Your first cross-assembled program
Create flash.s — it inverts the top-left corner forever until a key is pressed:
; flash.s — assemble with ca65, run with BRUN FLASH
.org $0300 ; classic free page-3 home
KBD = $C000 ; keyboard latch
KBDSTRB = $C010 ; keyboard strobe
SCREEN = $0400 ; top-left of text page 1
WAIT = $FCA8 ; ROM delay routine
start: lda SCREEN
eor #$80 ; flip normal/inverse bit
sta SCREEN
lda #$80
jsr WAIT ; ~0.1s pause
lda KBD
bpl start ; no key yet -> keep flashing
sta KBDSTRB ; ack the key
rts
Build it and disk it
# 1. assemble + link to a raw binary
cl65 -t none --start-addr 0x300 -o flash.bin flash.s
# 2. get a blank DOS 3.3 disk image (140K) — AppleCommander makes one:
java -jar ac.jar -dos140 work.dsk
# 3. copy the binary onto it as a Binary file loading at $0300
java -jar ac.jar -p work.dsk FLASH B 0x300 < flash.bin
# 4. check it landed
java -jar ac.jar -l work.dsk
Boot your emulator with a DOS system master in drive 1 and work.dsk in drive 2 (or copy the file onto a bootable disk), then:
]BRUN FLASH,D2
The corner character flashes; any key stops it. You now have the complete loop: edit → assemble → image → run, each step scriptable. Put those four commands in a Makefile and iteration time drops to about a second.
# Makefile
all: work.dsk
flash.bin: flash.s
cl65 -t none --start-addr 0x300 -o $@ $<
work.dsk: flash.bin
java -jar ac.jar -dos140 $@
java -jar ac.jar -p $@ FLASH B 0x300 < $<
run: work.dsk
applewin -d1 master.dsk -d2 work.dsk # adjust to your emulator
Prefer BASIC? Cross-develop that too
You don't have to hand-type BASIC into the emulator. Most desktop emulators support
paste: write your program in any text editor, copy it, and paste at the
] prompt — the emulator "types" it for you. Keep your .bas sources in
git, paste to test, SAVE to disk image to distribute.
Level up from here
- Write C for the Apple II: the same cc65 suite compiles C —
cl65 -t apple2 hello.cproduces a runnable binary. Slower than assembly, vastly faster to write. - Real assemblers with Apple lineage: Merlin32 keeps the syntax of the classic Merlin assembler used for much commercial Apple II software.

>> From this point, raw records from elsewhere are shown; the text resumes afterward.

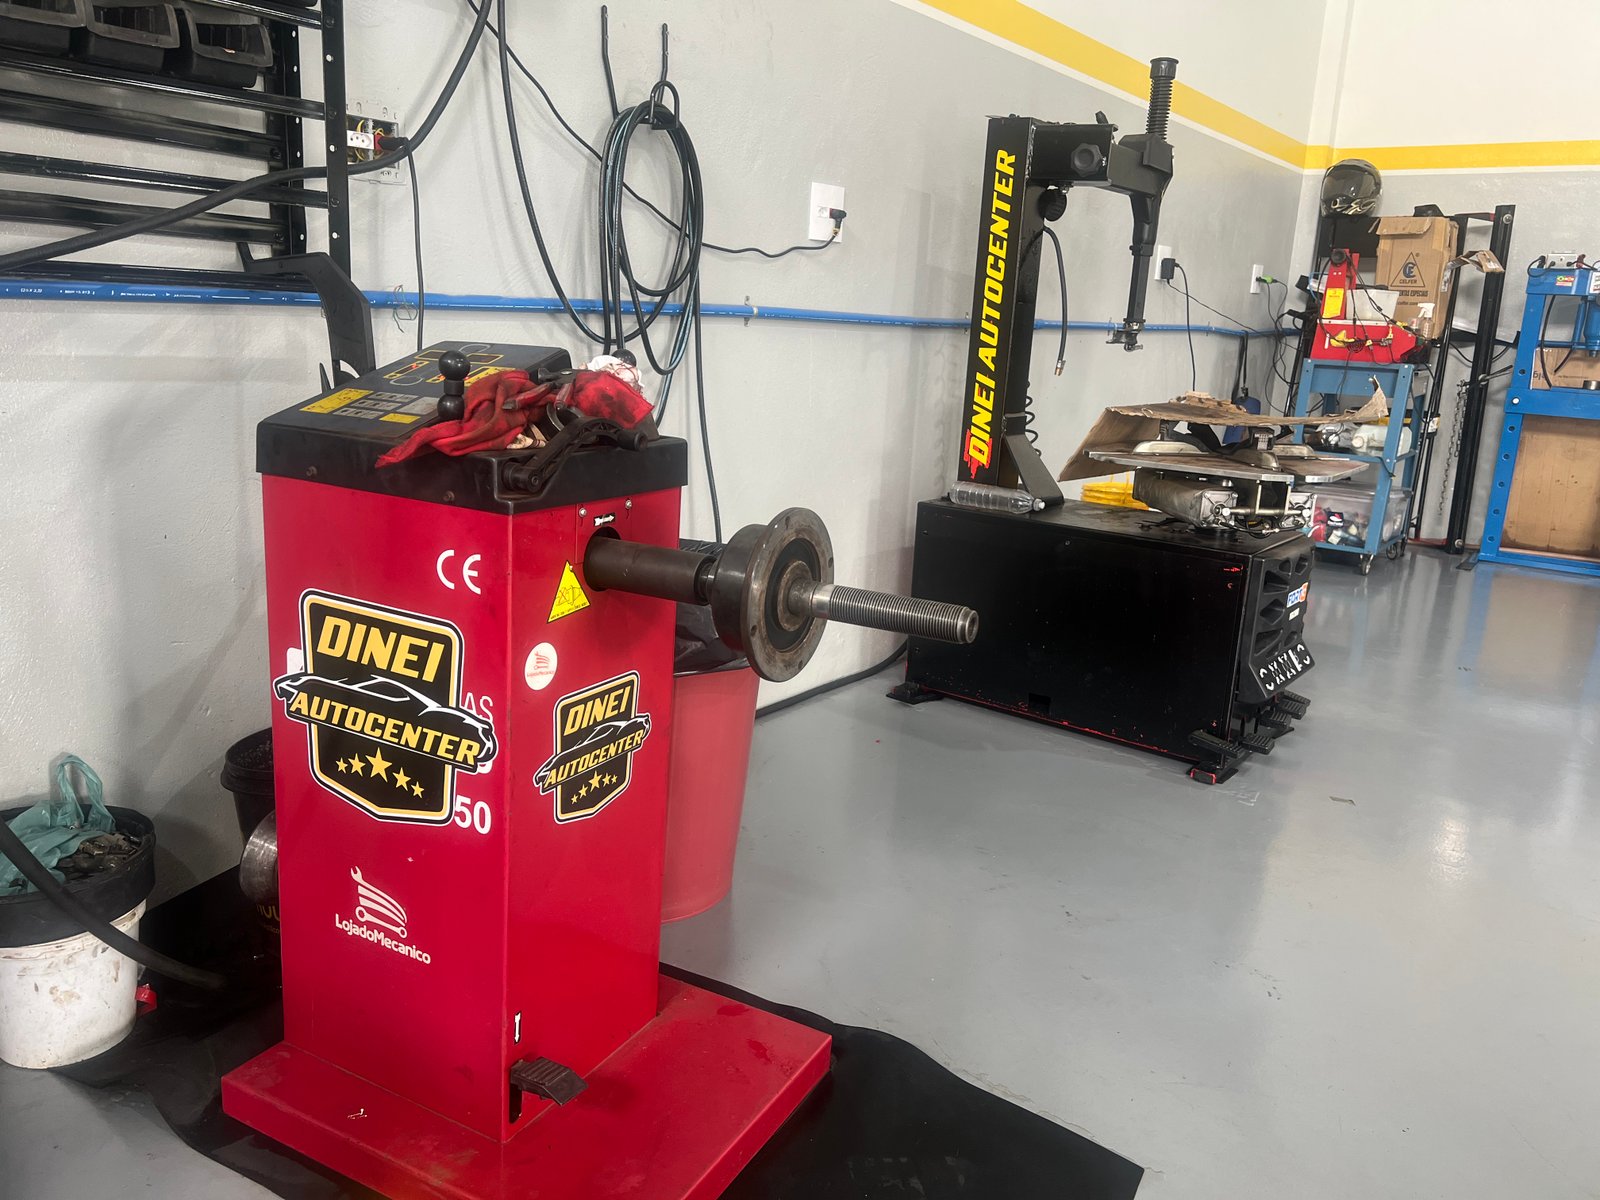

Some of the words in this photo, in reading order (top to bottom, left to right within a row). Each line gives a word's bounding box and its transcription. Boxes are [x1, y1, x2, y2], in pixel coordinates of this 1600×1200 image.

[978, 149, 1016, 372] AUTOCENTER
[968, 371, 996, 466] DINEI
[436, 549, 482, 595] CE
[317, 616, 445, 683] DINEI
[289, 691, 481, 765] AUTOCENTER
[564, 684, 631, 737] DINEI
[543, 729, 643, 787] AUTOCENTER
[454, 796, 492, 835] 50
[335, 913, 431, 965] LojadoMecanico

- Debugging: AppleWin's debugger (F7) gives breakpoints, memory watches, and a live disassembly — the tool 1980s developers dreamed of.

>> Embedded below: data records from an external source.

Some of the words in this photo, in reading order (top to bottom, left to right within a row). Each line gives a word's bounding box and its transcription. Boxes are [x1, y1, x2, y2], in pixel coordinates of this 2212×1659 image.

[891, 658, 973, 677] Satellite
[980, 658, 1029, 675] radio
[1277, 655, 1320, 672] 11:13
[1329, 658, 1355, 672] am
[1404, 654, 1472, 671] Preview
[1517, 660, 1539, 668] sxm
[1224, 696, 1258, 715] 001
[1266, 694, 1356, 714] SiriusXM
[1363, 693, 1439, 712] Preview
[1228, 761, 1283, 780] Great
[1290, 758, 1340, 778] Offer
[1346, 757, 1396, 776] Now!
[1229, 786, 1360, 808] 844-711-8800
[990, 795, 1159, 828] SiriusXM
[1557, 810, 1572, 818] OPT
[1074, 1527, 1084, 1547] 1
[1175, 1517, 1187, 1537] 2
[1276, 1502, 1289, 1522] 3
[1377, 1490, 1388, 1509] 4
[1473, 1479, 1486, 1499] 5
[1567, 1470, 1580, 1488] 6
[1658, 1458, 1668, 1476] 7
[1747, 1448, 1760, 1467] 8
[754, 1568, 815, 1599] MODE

- Reading: Beneath Apple DOS, the Apple II Reference Manual ("the Red Book"), and Roger Wagner's Assembly Lines — all scanned and legally hosted at the Internet Archive.

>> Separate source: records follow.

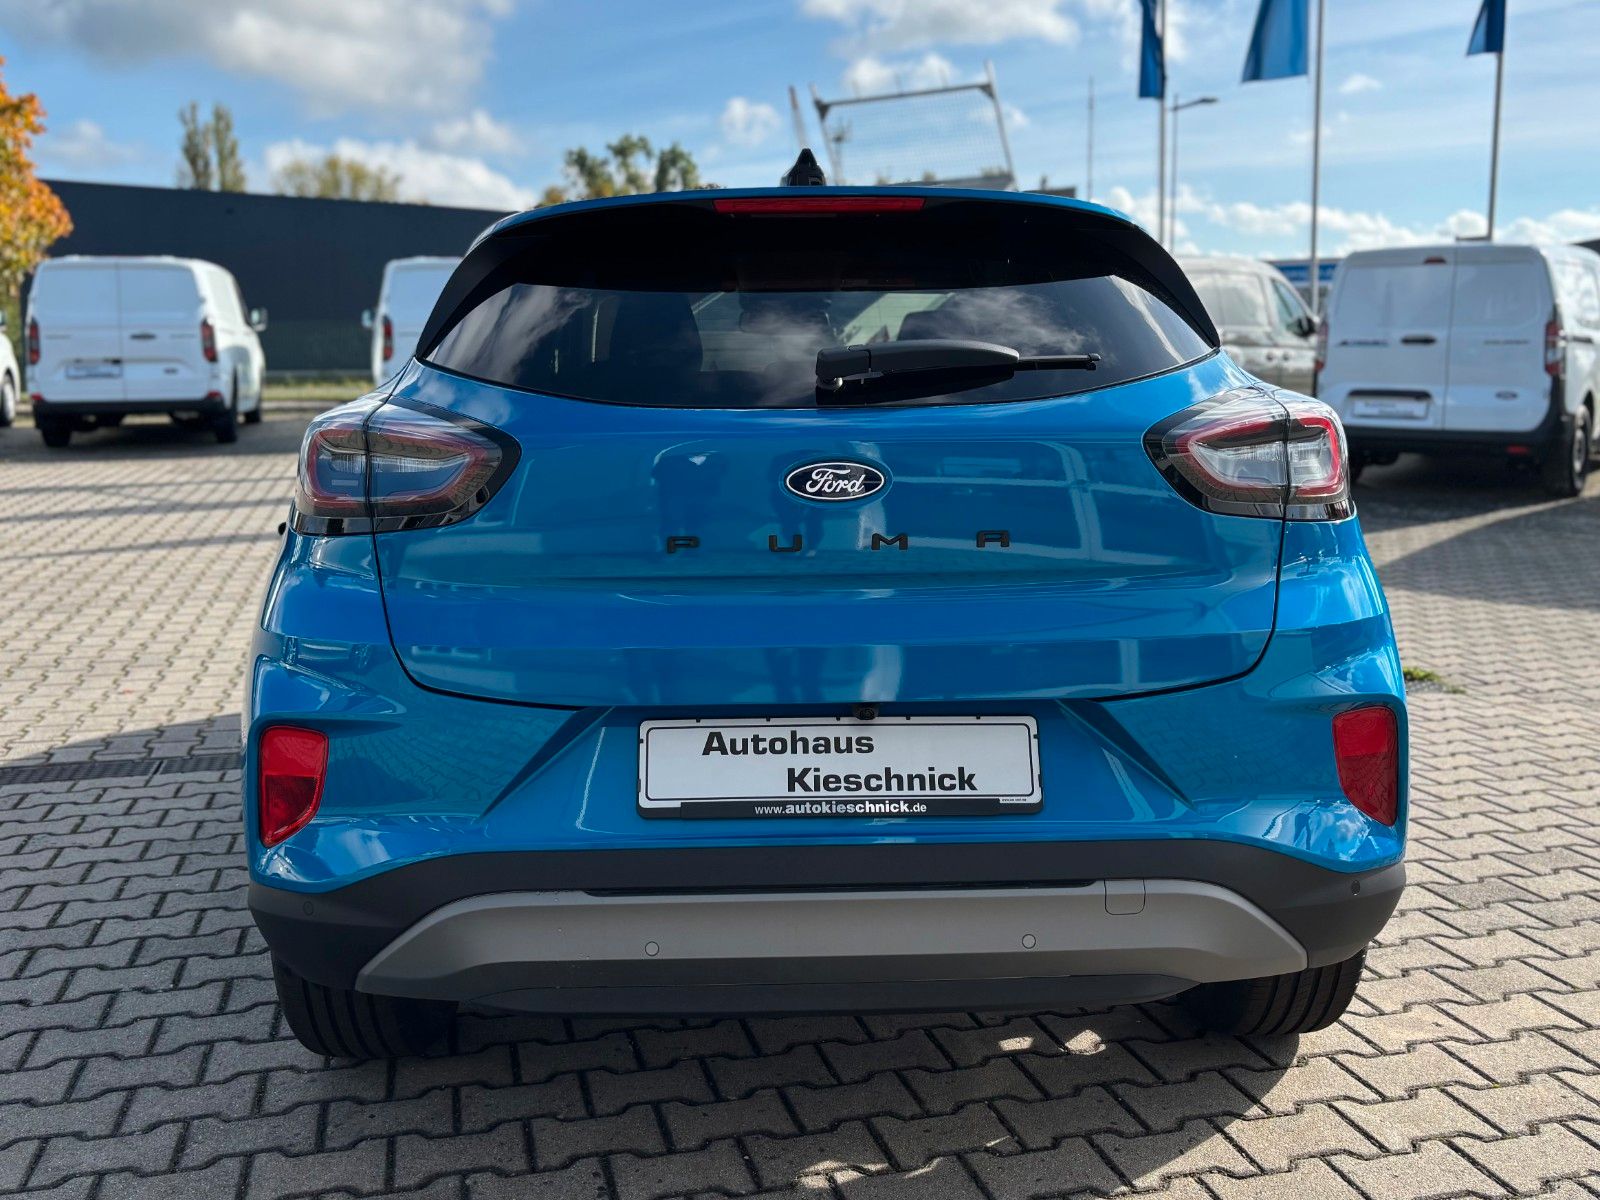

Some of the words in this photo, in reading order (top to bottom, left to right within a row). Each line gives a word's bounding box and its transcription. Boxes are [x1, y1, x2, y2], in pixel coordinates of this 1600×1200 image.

[805, 467, 866, 494] Ford
[667, 530, 1010, 553] PUMA
[702, 730, 875, 756] Autohaus
[787, 766, 978, 793] Kieschnick
[754, 800, 927, 815] www.autokieschnick.de
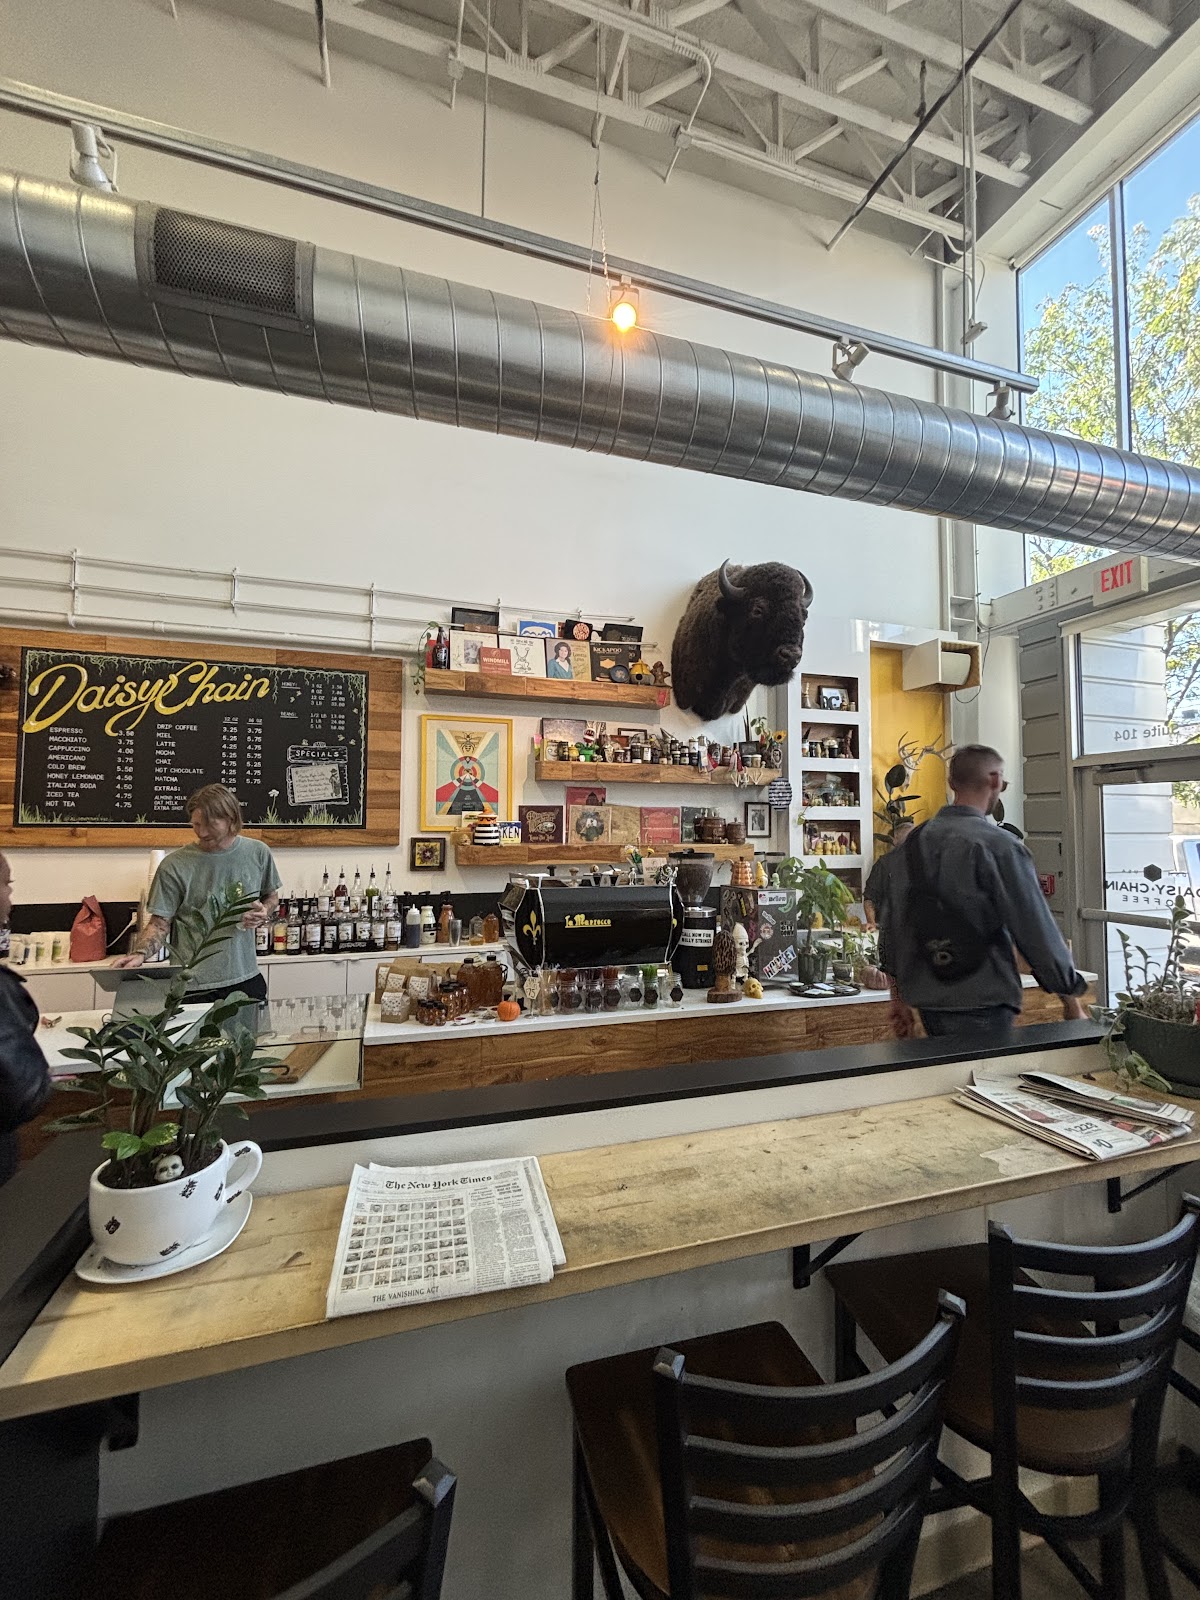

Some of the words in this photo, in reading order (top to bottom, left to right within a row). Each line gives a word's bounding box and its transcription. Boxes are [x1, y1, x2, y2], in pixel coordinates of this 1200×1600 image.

[1102, 560, 1133, 592] EXIT
[22, 663, 165, 736] Daisy
[154, 661, 270, 714] Chain
[296, 750, 339, 758] SPECIALS
[386, 1181, 406, 1190] The
[407, 1181, 430, 1190] New
[433, 1179, 458, 1189] York
[460, 1176, 491, 1184] Times
[373, 1294, 386, 1303] THE
[388, 1289, 424, 1299] VANISHING
[427, 1286, 439, 1294] ACT

- Community: the KansasFest conference, /r/apple2, and comp.sys.apple2 (still alive!) welcome newcomers building their first programs.
Suggested first projects
- A boot menu — a
HELLOprogram that lists your disk's programs and runs the one you pick. (BASIC, one evening.) - A drawing toy — move a lo-res cursor with I/J/K/M keys, paint with the space bar, cycle colors with C. (BASIC + direct keyboard reads.)
- A sound keyboard — map the top row of keys to eight pitches using assembly tone routines called from BASIC. (Hybrid, the Lecture 06 pattern.)
- A scroller — your name scrolling smoothly across the hi-res screen in assembly. (The rite of passage.)